Assigned task:
Give a verbatim copy of the lines below, minus the pictures.

::::

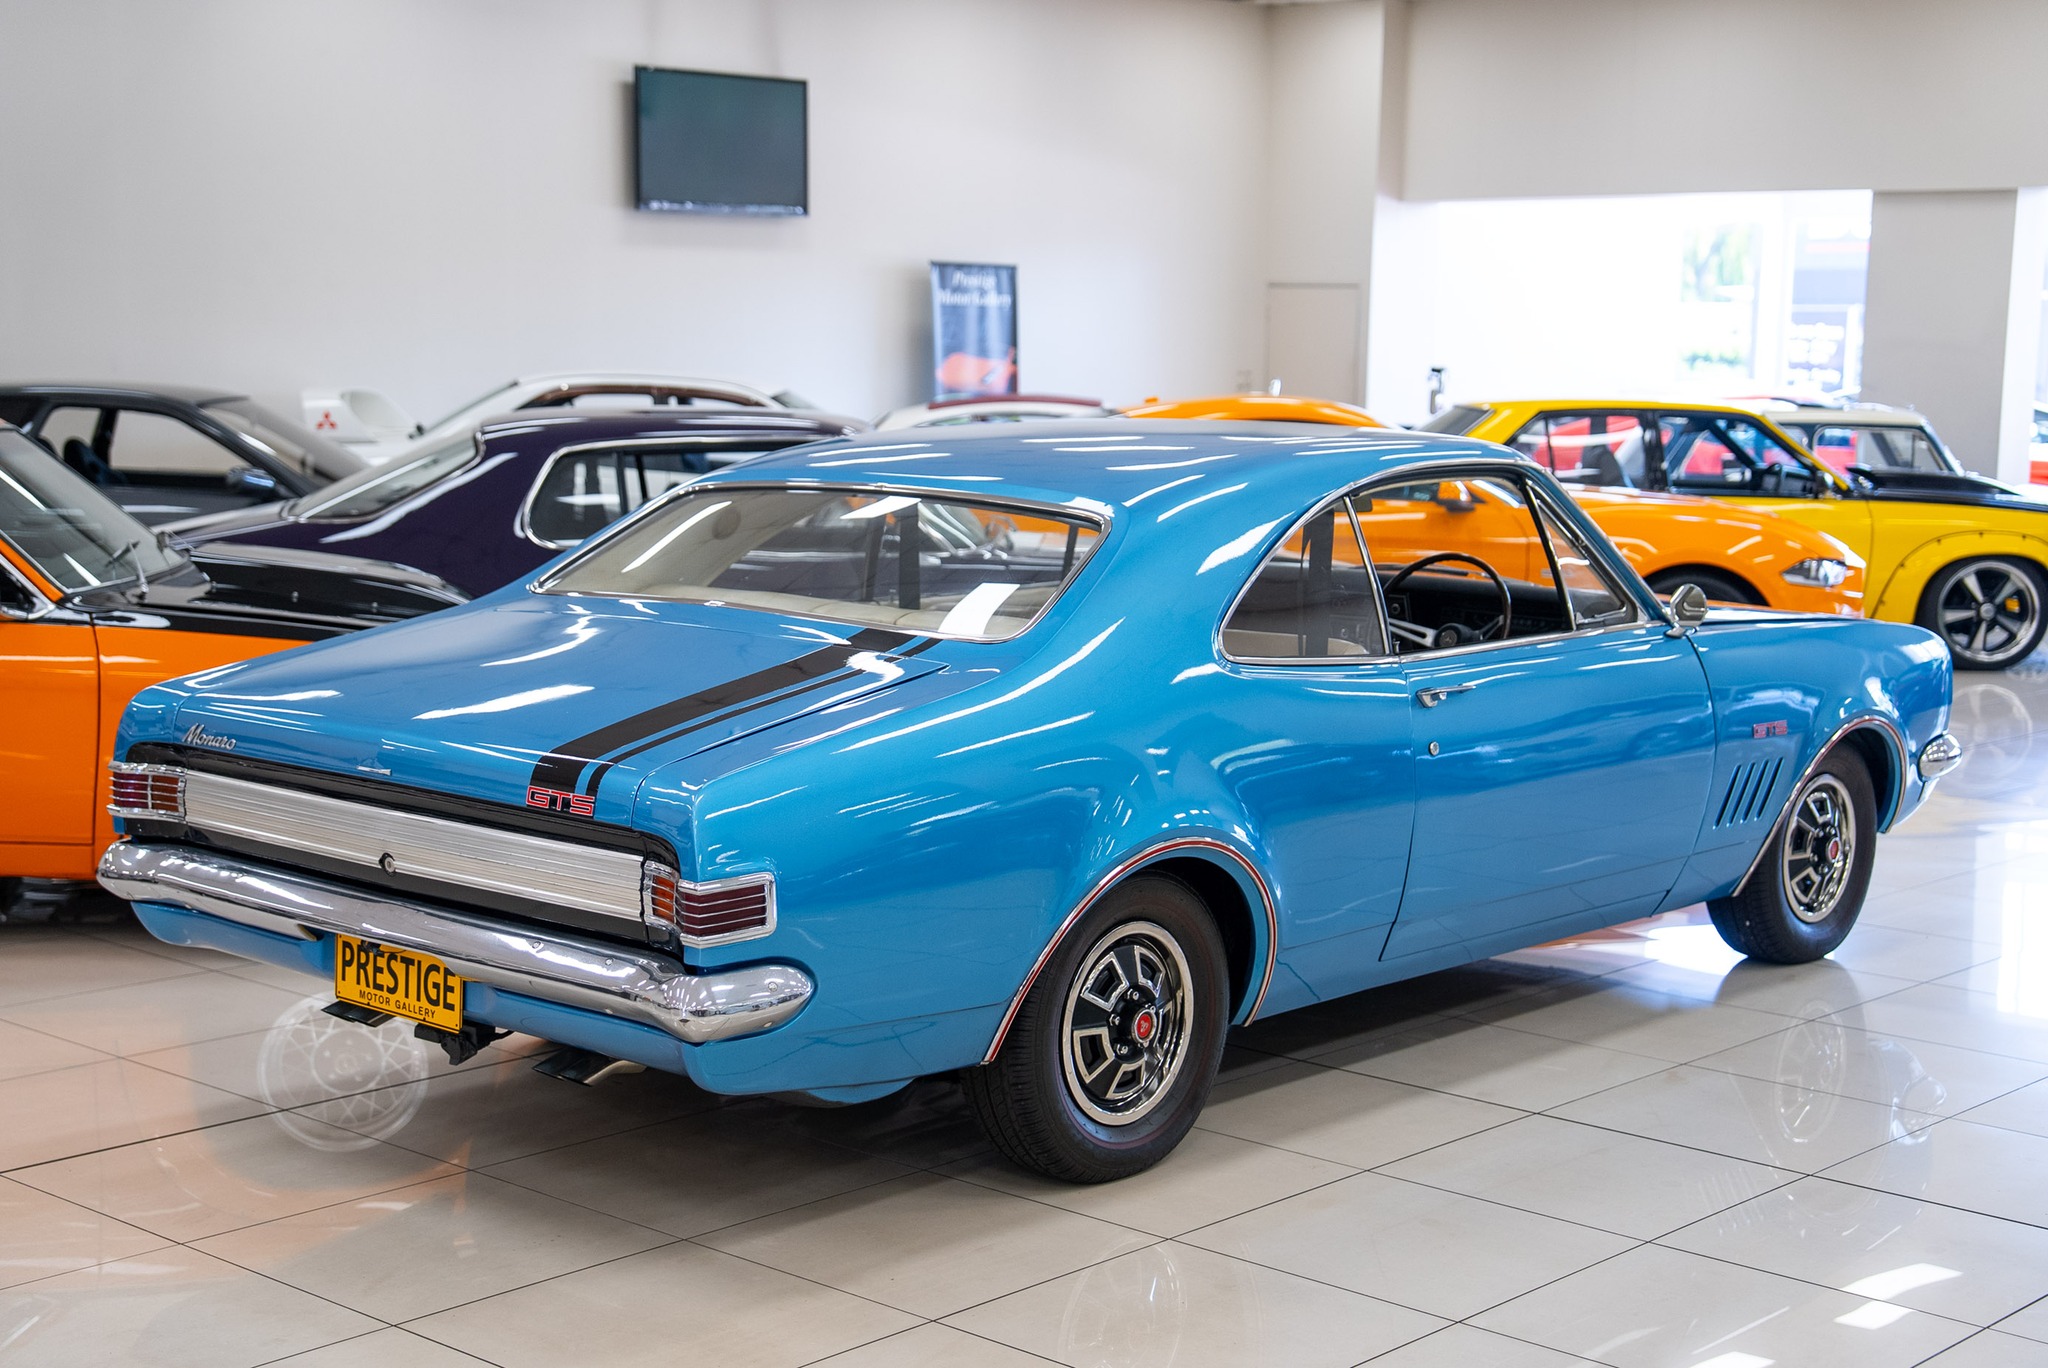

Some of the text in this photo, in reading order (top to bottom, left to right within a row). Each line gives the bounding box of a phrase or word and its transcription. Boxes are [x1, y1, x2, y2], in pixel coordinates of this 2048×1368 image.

[182, 722, 236, 750] Monaro
[1752, 719, 1788, 739] GTS
[526, 785, 595, 816] GTS
[341, 940, 456, 1012] PRESTIGE
[359, 989, 436, 1018] MOTOR GALLERY
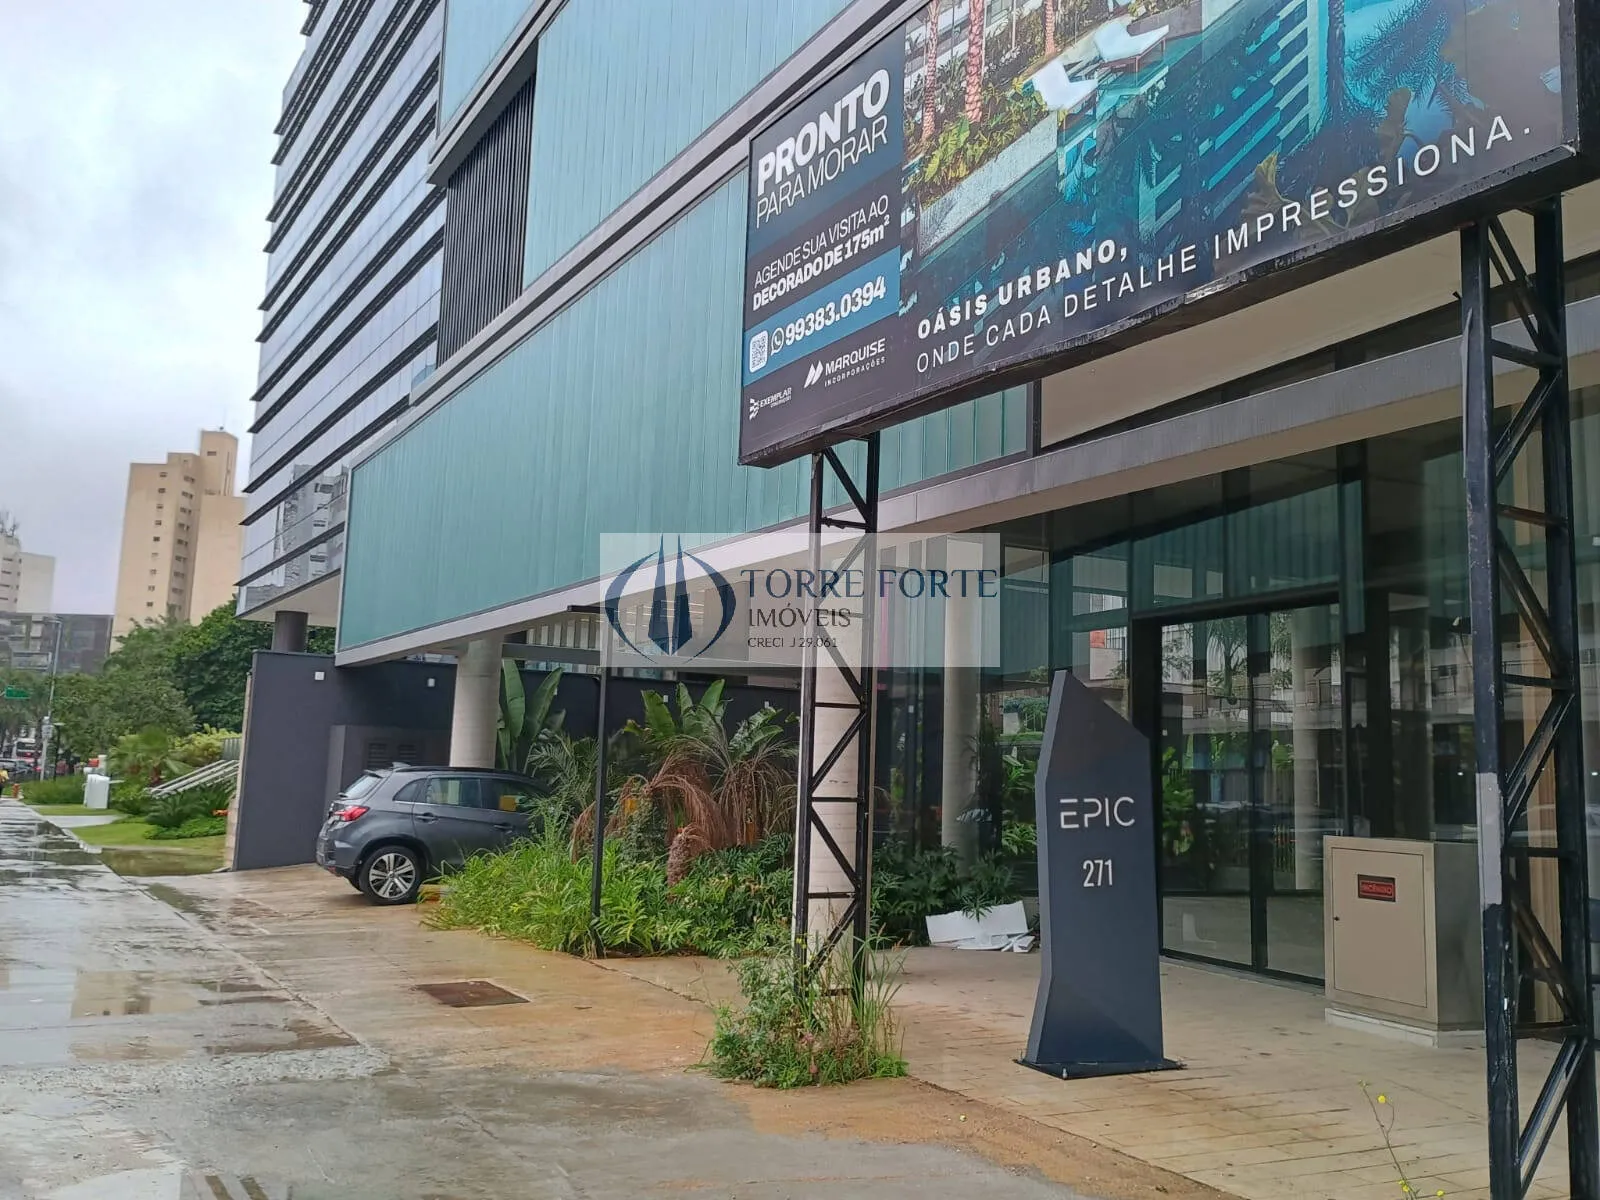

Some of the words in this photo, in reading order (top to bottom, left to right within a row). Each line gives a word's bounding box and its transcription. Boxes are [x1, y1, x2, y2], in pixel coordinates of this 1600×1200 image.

[757, 68, 890, 197] PRONTO
[756, 181, 806, 229] PARA
[807, 114, 888, 194] MORAR
[752, 256, 824, 312] DECORADO
[824, 242, 843, 272] DE
[754, 249, 801, 289] AGENDE
[802, 231, 828, 260] SUA
[828, 207, 866, 245] VISITA
[868, 194, 890, 221] AO
[916, 334, 976, 374] ONDE
[985, 305, 1051, 347] CADA
[1064, 244, 1197, 318] DETALHE
[1213, 115, 1531, 260] IMPRESSIONA.
[785, 275, 887, 347] 99383.0394
[917, 294, 988, 340] OÁSIS
[998, 239, 1128, 306] URBANO,
[824, 356, 887, 388] INCORPORAÇÕES
[825, 337, 887, 376] MARQUISE
[1059, 796, 1135, 829] EPIC
[1082, 859, 1113, 887] 271

::::

Answer section:
Some of the text in this photo, in reading order (top to bottom, left to right within a row). Each line gives the bounding box of a phrase or word and its transcription. Boxes are [x1, y1, x2, y2], in pixel coordinates of this 2048×1368 image.

[182, 722, 236, 750] Monaro
[1752, 719, 1788, 739] GTS
[526, 785, 595, 816] GTS
[341, 940, 456, 1012] PRESTIGE
[359, 989, 436, 1018] MOTOR GALLERY

Some of the words in this photo, in reading order (top to bottom, left to right within a row). Each line gives a word's bounding box and its transcription. Boxes are [x1, y1, x2, y2], in pixel coordinates of this 1600×1200 image.

[757, 68, 890, 197] PRONTO
[756, 181, 806, 229] PARA
[807, 114, 888, 194] MORAR
[752, 256, 824, 312] DECORADO
[824, 242, 843, 272] DE
[754, 249, 801, 289] AGENDE
[802, 231, 828, 260] SUA
[828, 207, 866, 245] VISITA
[868, 194, 890, 221] AO
[916, 334, 976, 374] ONDE
[985, 305, 1051, 347] CADA
[1064, 244, 1197, 318] DETALHE
[1213, 115, 1531, 260] IMPRESSIONA.
[785, 275, 887, 347] 99383.0394
[917, 294, 988, 340] OÁSIS
[998, 239, 1128, 306] URBANO,
[824, 356, 887, 388] INCORPORAÇÕES
[825, 337, 887, 376] MARQUISE
[1059, 796, 1135, 829] EPIC
[1082, 859, 1113, 887] 271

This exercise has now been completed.